In that case even if they don’t dare to touch (and re-enslave) my mc directly it will all have been a Pyrrhic “victory”. As my mc does not care much for the idea of retirement, no matter how much (or little) wealth they try to send him off with.

Ah, but aren’t Pyrrhic victories the unique flavour of XoR? (look at me picking up the lingo, used to abbrev it CoR)

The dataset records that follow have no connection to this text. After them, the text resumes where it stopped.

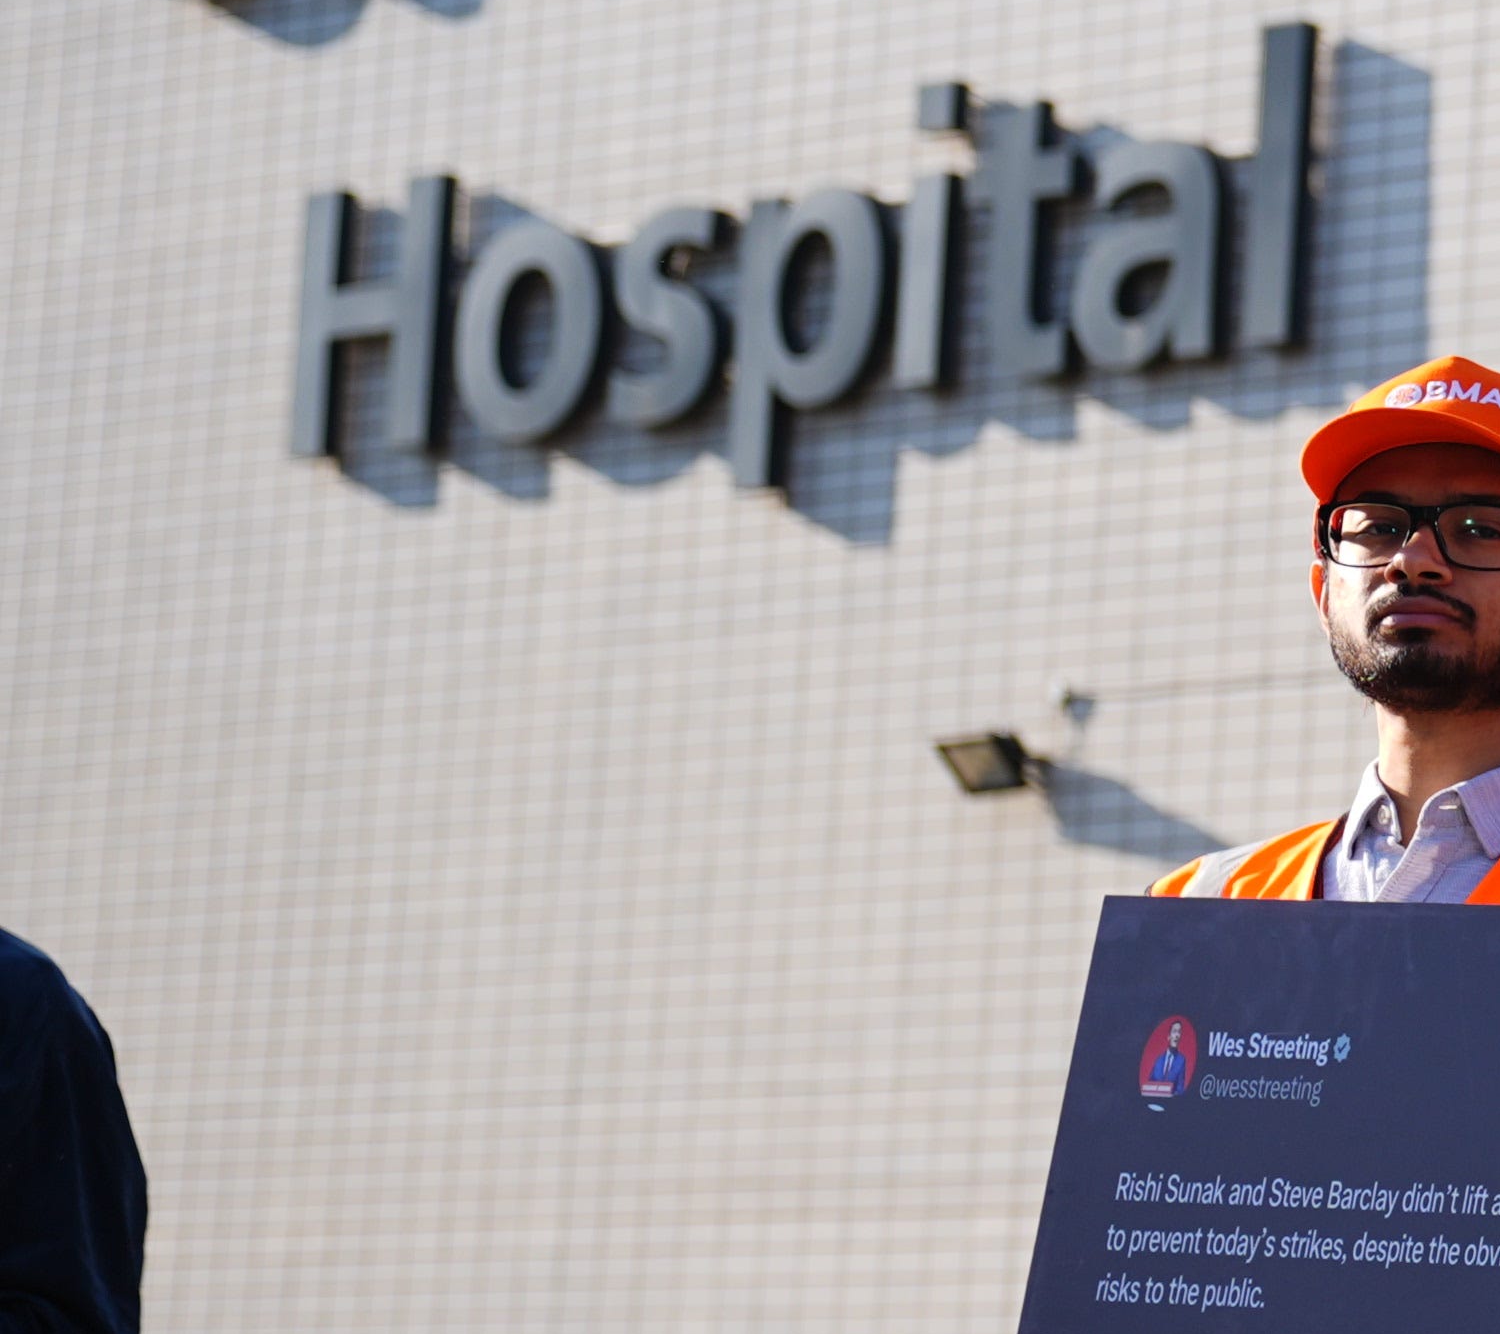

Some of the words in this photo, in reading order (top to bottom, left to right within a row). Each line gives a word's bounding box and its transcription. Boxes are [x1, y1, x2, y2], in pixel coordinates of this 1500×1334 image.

[288, 22, 1326, 491] Hospital
[1208, 1031, 1245, 1058] Wes
[1247, 1032, 1331, 1067] Streeting
[1199, 1073, 1324, 1108] @wesstreeting
[1115, 1172, 1164, 1202] Rishi
[1164, 1173, 1226, 1205] Sunak
[1228, 1176, 1267, 1207] and
[1268, 1177, 1324, 1209] Steve
[1327, 1180, 1400, 1219] Barclay
[1461, 1184, 1489, 1215] lift
[1106, 1224, 1126, 1251] to
[1127, 1227, 1203, 1258] prevent
[1278, 1229, 1347, 1265] strikes,
[1352, 1231, 1425, 1269] despite
[1428, 1234, 1461, 1265] the
[1095, 1272, 1141, 1303] risks
[1144, 1277, 1165, 1304] to
[1168, 1275, 1200, 1306] the
[1201, 1277, 1265, 1313] public.
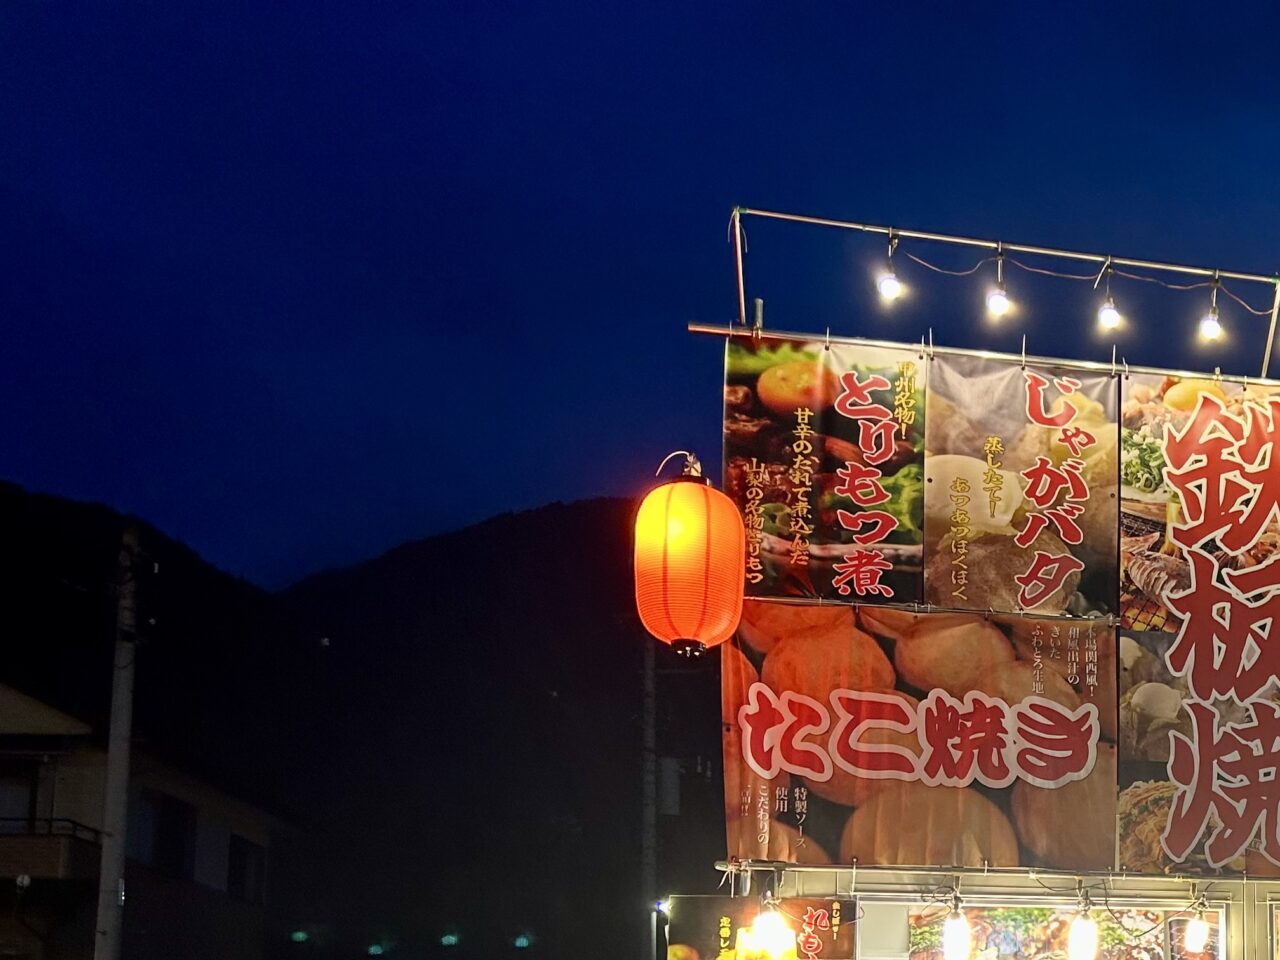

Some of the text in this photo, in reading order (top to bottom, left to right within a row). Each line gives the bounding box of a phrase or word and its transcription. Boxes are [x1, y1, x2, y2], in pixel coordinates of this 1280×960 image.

One of the things I loved most about it is the ability to fail and I hope future installments will continue to give us that opportunity - to not succeed against insurmountable odds. Even though I re-played/re-read (re-pread?) it enough times to disperse any feeling of newness I still find it closely aligned with unique appeal of the title. I fondly recall my first “preadthrough” when poor Starn Oakfell a compassionate, true Shayardine helot, too smart for his own good faced off against a plektoi and a theurge and evaporated all the blood in his body, dying in process but bringing down the entire mountain with him and killing his enemies. Perhaps he would become a symbol for future rebellions but his own personal story ended abruptly.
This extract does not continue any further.